“You heard her killer,” Melinda said.

“What?”

“You heard the voice of the person who killed Poppy,” I said.

“Oh, that’s…” On the verge of saying “ridiculous,” Lizanne stopped speaking, stopped moving. Her lips lost their color.

“I could have saved her,” Lizanne said finally. “I could have saved her life, and instead I went back to the van and sat.”

“Or,” I said, not liking the way her color had changed, “you could have gotten killed right along with her, and your children would have been left out in the van all by their lonesome selves.”

Lizanne sat down across the table from us. She looked positively punchy with shock.

“Oh,” she said, and that was all, but it spoke volumes.

I’d been sure that Lizanne wasn’t as hard-hearted as she’d been letting on, and I was right. But she’d felt better when she’d acted tough.

“Could you make out who it was?” I asked after a pause to let Lizanne gather herself.

“No, I was so wrought up, and the radio was playing, and I was so angry…”

“Could you tell if the voice was a man’s or a woman’s?”

Lizanne’s large dark eyes focused on me. “Surely it must have been a man’s?”

“Look at how angry you were,” I said. “Do you think you were the only angry woman?”

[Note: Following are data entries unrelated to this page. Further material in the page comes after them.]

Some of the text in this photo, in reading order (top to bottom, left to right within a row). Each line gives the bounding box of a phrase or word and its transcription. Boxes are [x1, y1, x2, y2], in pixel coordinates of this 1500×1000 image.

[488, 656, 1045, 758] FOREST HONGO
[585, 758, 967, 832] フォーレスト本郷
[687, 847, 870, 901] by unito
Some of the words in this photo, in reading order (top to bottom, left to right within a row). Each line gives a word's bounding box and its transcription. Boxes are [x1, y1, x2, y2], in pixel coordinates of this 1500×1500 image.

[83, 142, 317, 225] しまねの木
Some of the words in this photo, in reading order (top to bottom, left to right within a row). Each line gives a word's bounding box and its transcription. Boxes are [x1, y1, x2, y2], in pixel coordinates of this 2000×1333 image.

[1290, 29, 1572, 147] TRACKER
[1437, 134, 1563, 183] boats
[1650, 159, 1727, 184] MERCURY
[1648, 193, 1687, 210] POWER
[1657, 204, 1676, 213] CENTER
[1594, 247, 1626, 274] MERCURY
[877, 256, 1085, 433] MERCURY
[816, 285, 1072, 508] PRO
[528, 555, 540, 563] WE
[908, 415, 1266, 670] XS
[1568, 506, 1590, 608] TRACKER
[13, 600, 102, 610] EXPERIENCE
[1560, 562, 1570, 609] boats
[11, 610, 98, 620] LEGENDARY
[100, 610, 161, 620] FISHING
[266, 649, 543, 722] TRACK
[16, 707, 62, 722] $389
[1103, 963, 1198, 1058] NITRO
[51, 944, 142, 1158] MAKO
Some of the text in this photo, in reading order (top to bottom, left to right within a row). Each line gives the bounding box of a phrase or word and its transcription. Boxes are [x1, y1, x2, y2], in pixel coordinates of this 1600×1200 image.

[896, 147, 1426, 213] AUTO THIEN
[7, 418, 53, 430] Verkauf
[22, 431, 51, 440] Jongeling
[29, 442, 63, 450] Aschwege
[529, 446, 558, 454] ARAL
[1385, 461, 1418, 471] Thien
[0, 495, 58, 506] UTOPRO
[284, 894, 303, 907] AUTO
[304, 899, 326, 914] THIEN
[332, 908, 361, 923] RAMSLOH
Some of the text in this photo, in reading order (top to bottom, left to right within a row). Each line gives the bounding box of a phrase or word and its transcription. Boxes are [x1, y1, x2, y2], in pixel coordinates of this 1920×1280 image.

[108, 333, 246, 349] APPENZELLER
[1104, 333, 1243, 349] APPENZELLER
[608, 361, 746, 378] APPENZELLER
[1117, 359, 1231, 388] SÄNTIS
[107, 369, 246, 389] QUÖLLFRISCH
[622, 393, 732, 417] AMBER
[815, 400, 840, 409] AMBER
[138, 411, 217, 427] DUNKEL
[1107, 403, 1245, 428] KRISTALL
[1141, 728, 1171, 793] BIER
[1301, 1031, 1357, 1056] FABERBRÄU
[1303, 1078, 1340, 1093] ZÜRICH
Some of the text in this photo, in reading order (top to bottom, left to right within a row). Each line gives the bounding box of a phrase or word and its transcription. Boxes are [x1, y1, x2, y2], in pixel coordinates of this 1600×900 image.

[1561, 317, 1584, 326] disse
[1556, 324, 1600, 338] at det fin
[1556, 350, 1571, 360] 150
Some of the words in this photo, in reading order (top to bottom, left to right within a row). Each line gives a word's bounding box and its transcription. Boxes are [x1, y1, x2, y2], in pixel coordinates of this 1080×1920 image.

“No, I reckon not,” she said. “I assumed at the time it was a man’s voice. Poppy’s radio was on so loud-she was listening to NPR, like my daddy used to. Remember, Roe?”

Truthfully, I didn’t remember what radio station Lizanne’s dad had listened to, though I remembered Arnie with great fondness. But I nodded anyway.

“So, I guess I’ll have to go to the police,” she said after a moment. “I mean, if I really did hear…”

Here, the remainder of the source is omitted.